Freight equipment details
| Number | Image | Type | Built | Builder | Notes |
|---|---|---|---|---|---|
| 03 |  | Steam Crane | 1910 | Industrial Works | ex-Pennsylvania Railroad |
| 04 |  | Flatcar | Unknown | Pennsylvania Railroad | ex-Pennsylvania Railroad |
| 05 |  | Tanker car | 1906 | General American Tank Company | ex-Central Railroad of New Jersey |
| 12 |  | Caboose | 1925 | Standard Steel Car Company | ex-Detroit, Toledo and Ironton Railroad |
| 66 |  | Snow Plow | 1914 | Russell Snow Plow Company | ex-Wellsville, Addison and Galeton Railroad |
| 120 |  | Gondola car | 1913 | American Car and Foundry Company | ex-Pennsylvania Railroad |
| 122 |  | Flatcar | 1906 | Maryland and Pennsylvania Railroad | ex-Maryland and Pennsylvania Railroad |
| 150 |  | Hopper car | 1929 | New York Central Railroad | ex-New York Central Railroad |
| 302 |  | Side-dump car | 1914 | Kilburn and Jacobs | ex-Maryland and Pennsylvania Railroad |
| 713 |  | Boxcar | 1903 | Baltimore Steel Car and Foundry | ex-Maryland and Pennsylvania Railroad |
| 723 |  | Boxcar | 1903 | Baltimore Steel Car and Foundry | ex-Maryland and Pennsylvania Railroad |
| 1367 |  | Tanker car | 1923 | Pennsylvania Railroad | ex-Pennsylvania Railroad |
| 6081 |  | Boxcar | 1924 | Youngstown Steel Car Company | ex-Rutland Railroad |
| 9194 |  | Boxcar | 1924 | Youngstown Steel Car Company | ex-Rutland Railroad |
| 25671 |  | RB Insulated Reefer | 1931 | Unknown | ex-Union Refrigerator Transit Company |
| 40025 |  | Boxcar | 1924 | American Car and Foundry Company | ex-Central Vermont Railway |
| 96451 |  | Boxcar | 1907 | Pressed Steel Car Company | ex-New York, Philadelphia and Norfolk Railroad |
| 194796 |  | Hopper car | 1916 | American Car and Foundry Company | ex-Pennsylvania Railroad |
| 474265 |  | Cast-Steel Flatcar | 1934 | Unknown | ex-Pennsylvania Railroad |
| 476087 |  | Caboose | 1905 | Pennsylvania Railroad | ex-Pennsylvania Railroad |

==Accidents and incidents==
- On September 4, 2014, an empty excursion train was being moved from the station when open-air passenger car No. 99 suddenly derailed. There were no passengers on the train as well as no injuries occurred. The derailment was caused by a glitch in one of the track switches by the station. The crew eventually got the passenger car back on track by 3:30 pm.

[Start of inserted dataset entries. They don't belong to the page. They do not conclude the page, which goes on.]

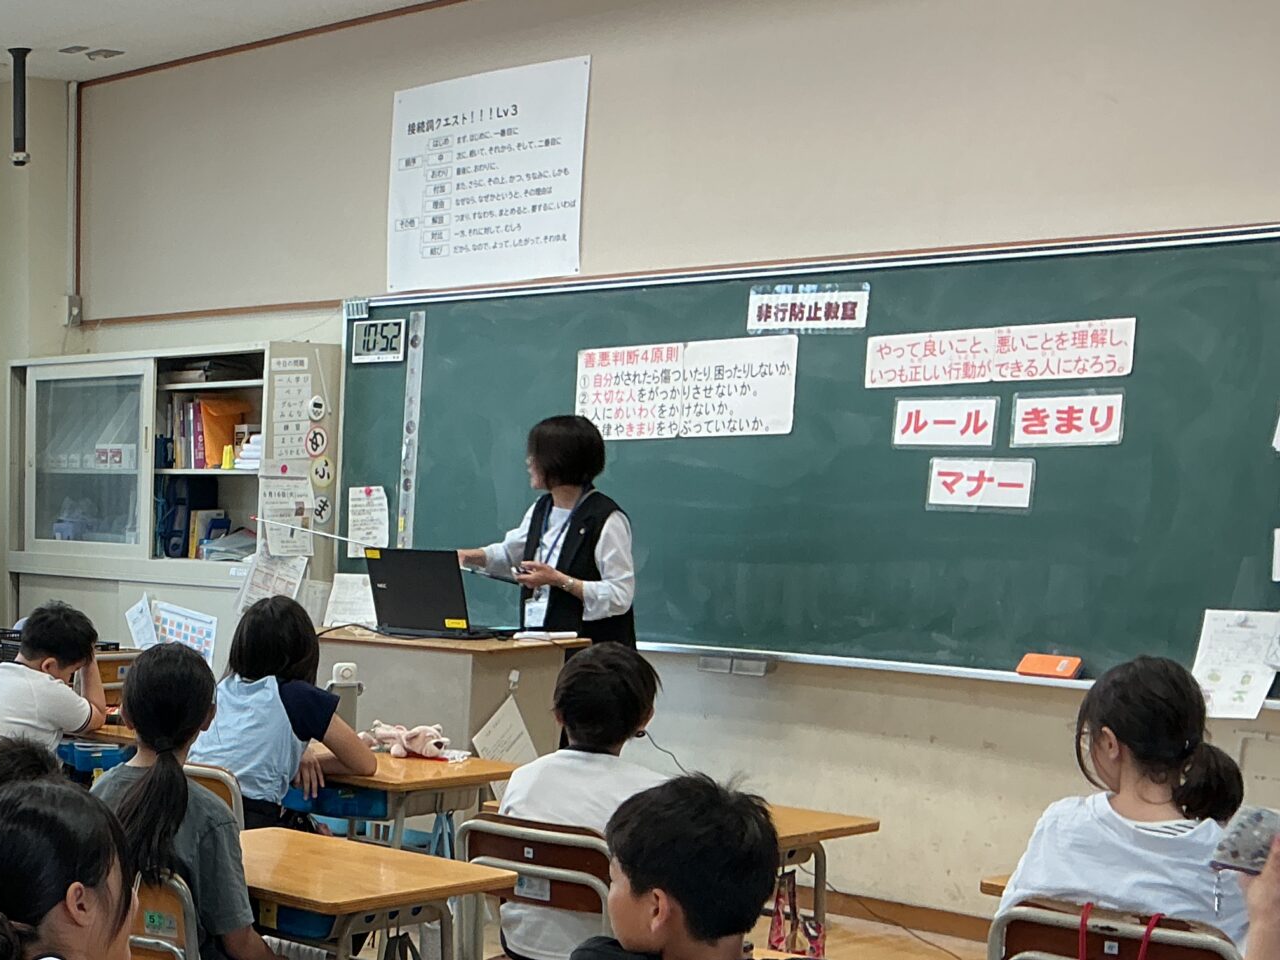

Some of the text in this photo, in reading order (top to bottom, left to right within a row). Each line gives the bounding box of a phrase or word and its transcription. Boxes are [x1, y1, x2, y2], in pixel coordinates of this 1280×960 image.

[756, 301, 858, 323] 非行防止教室
[901, 409, 988, 436] ルール
[1022, 405, 1114, 435] きまり
[937, 470, 1024, 497] マナー
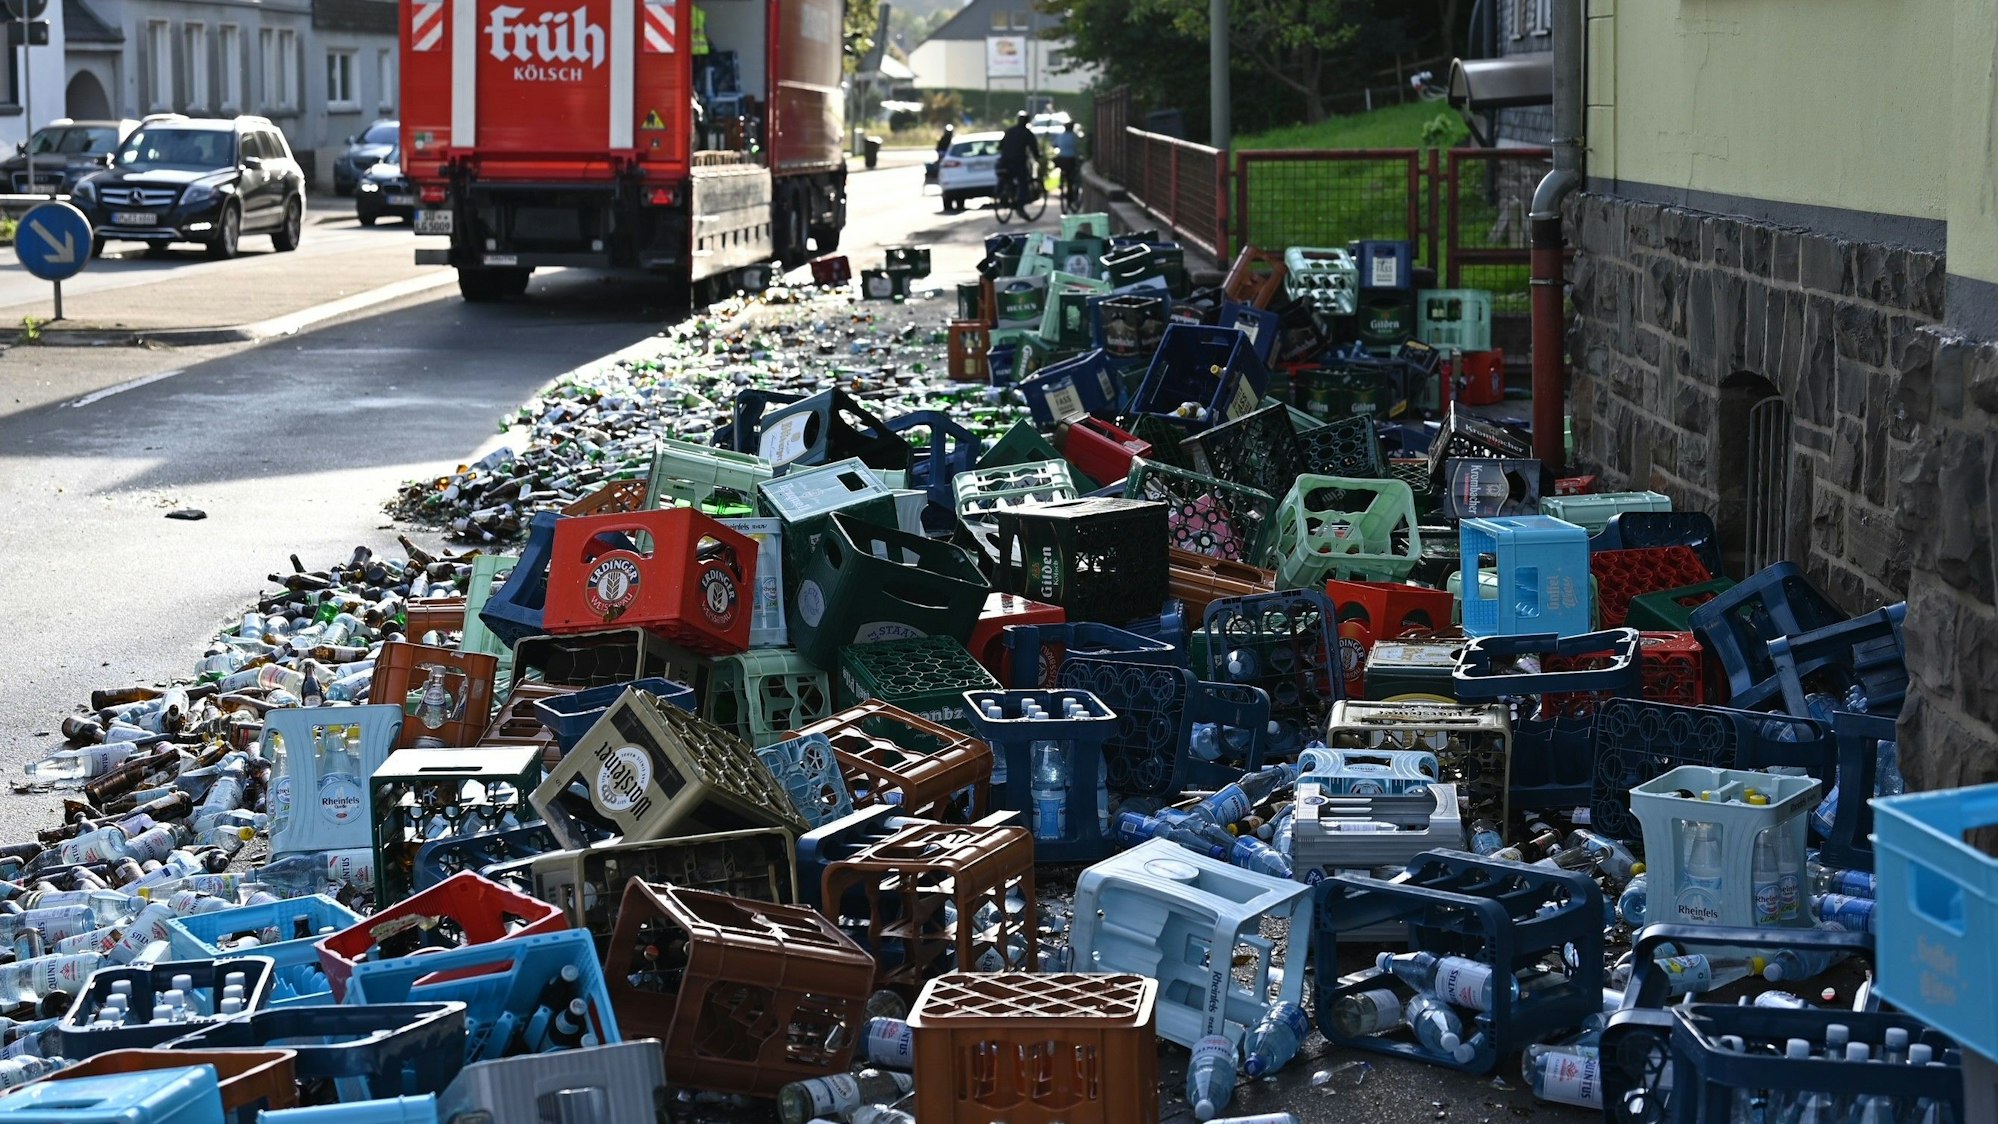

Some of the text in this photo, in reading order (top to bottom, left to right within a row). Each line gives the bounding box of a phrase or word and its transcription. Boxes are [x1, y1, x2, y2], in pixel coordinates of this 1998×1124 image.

[513, 64, 583, 81] KÖLSCH
[1370, 318, 1400, 329] Gilden
[1465, 423, 1524, 453] Krombacher
[1468, 464, 1483, 515] Krombacher
[589, 558, 639, 584] ERDINGER
[701, 568, 736, 600] ERDINGER
[1040, 546, 1053, 599] Gilden
[1339, 639, 1364, 659] DINGER
[594, 741, 652, 822] Warsteiner
[322, 796, 360, 807] Rheinfels
[342, 857, 350, 880] INTUS
[1677, 904, 1719, 919] Rheinfels
[131, 931, 150, 946] NTUS
[47, 959, 58, 990] QUINTU
[1448, 969, 1460, 1000] INTUS
[1207, 970, 1223, 1014] Rheinfels
[899, 1026, 912, 1056] INTUS
[1580, 1059, 1597, 1100] QUINTUS
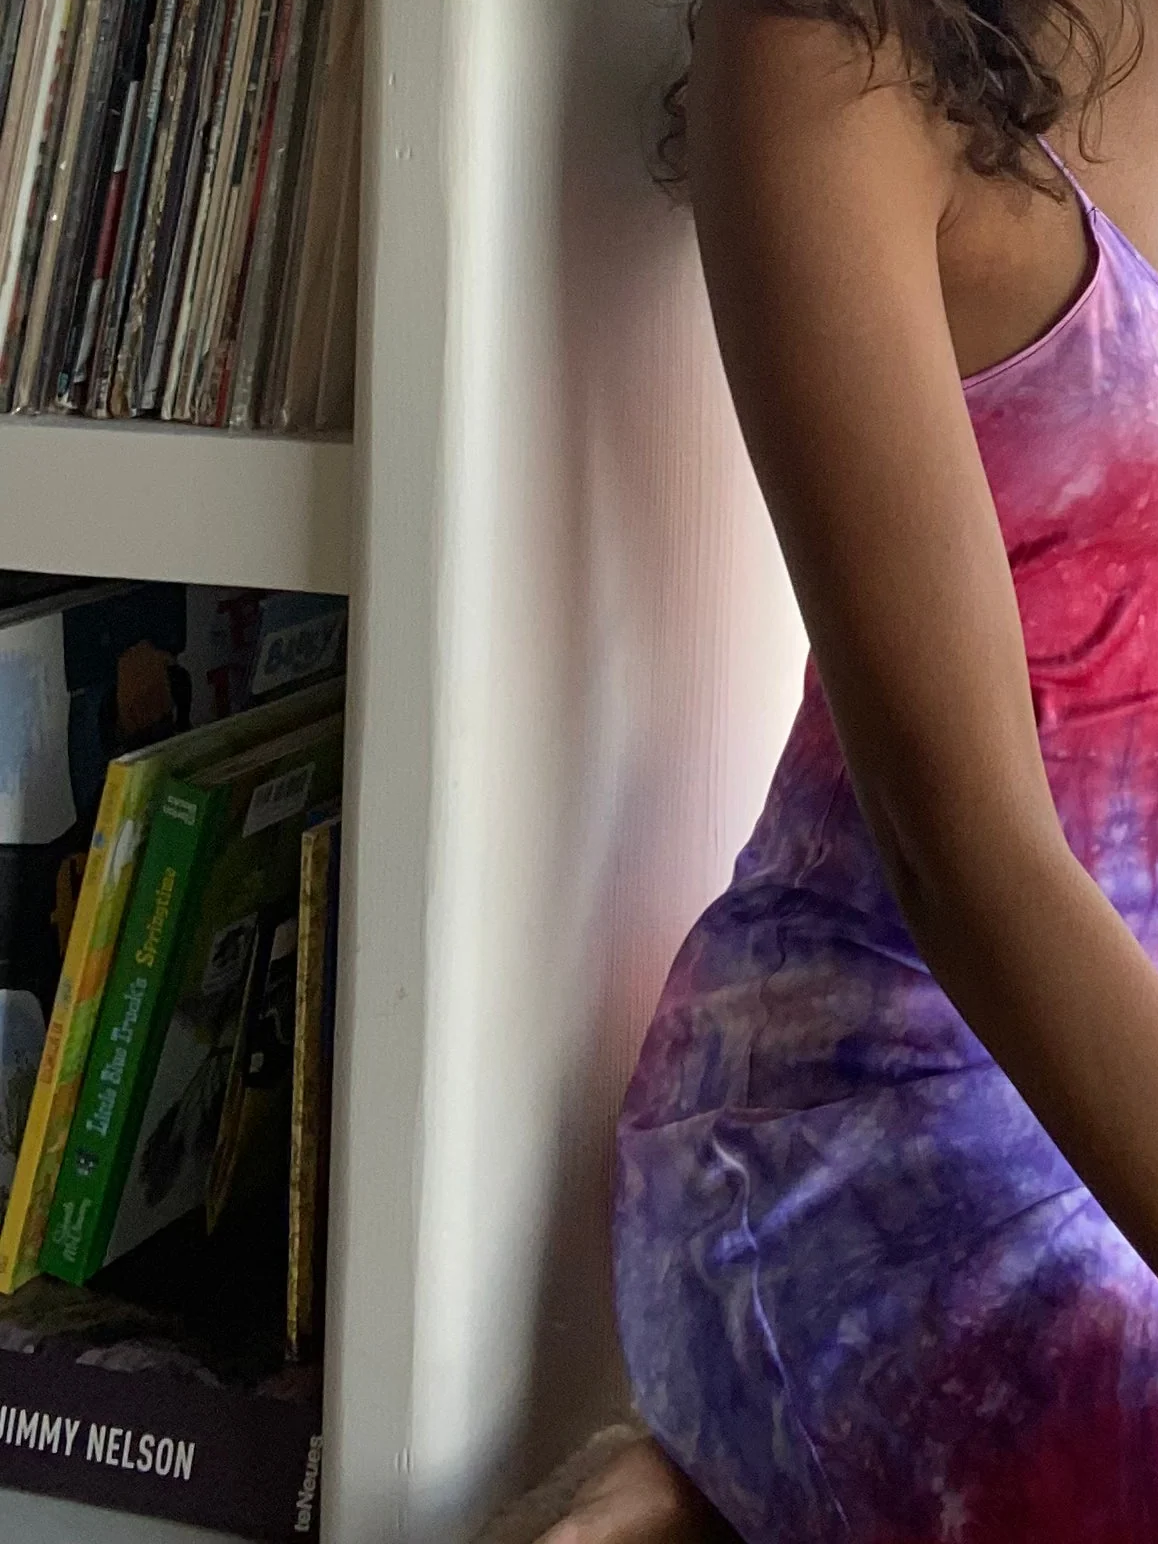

- On November 2, 2022, while running around a passenger train at Leaman Place, No. 475 collided head-on with an excavator parked on a siding. The impact punched a hole in the smokebox door. No crew or passengers were injured, and the damage done was deemed relatively minor. The collision was broadcast live via Virtual Railfan and was caught on video via cellphone by one of the passengers on board the train that day. The accident was caused by a misaligned switch, and was investigated by the Federal Railroad Administration (FRA). Strasburg announced that repairs on the No. 475 locomotive had commenced on November 3, the day after the accident. Repairs were completed with the No. 475 locomotive returning to service on the 7th.
- On March 27, 2026, a bomb threat was reported at the railroad, and Pennsylvania State Troopers investigated the incident while temporarily condemning the railroad to the public. SRC announced their temporary closure during the incident via their Facebook account.

==Appearances in media==
The Strasburg Rail Road and its locomotives have appeared in a number of films and television series, including Hello, Dolly!, Thomas and the Magic Railroad, Wild Wild West, The Gilded Age, Daniel Tiger's Neighborhood, The Men Who Built America, and I Heard the Bells.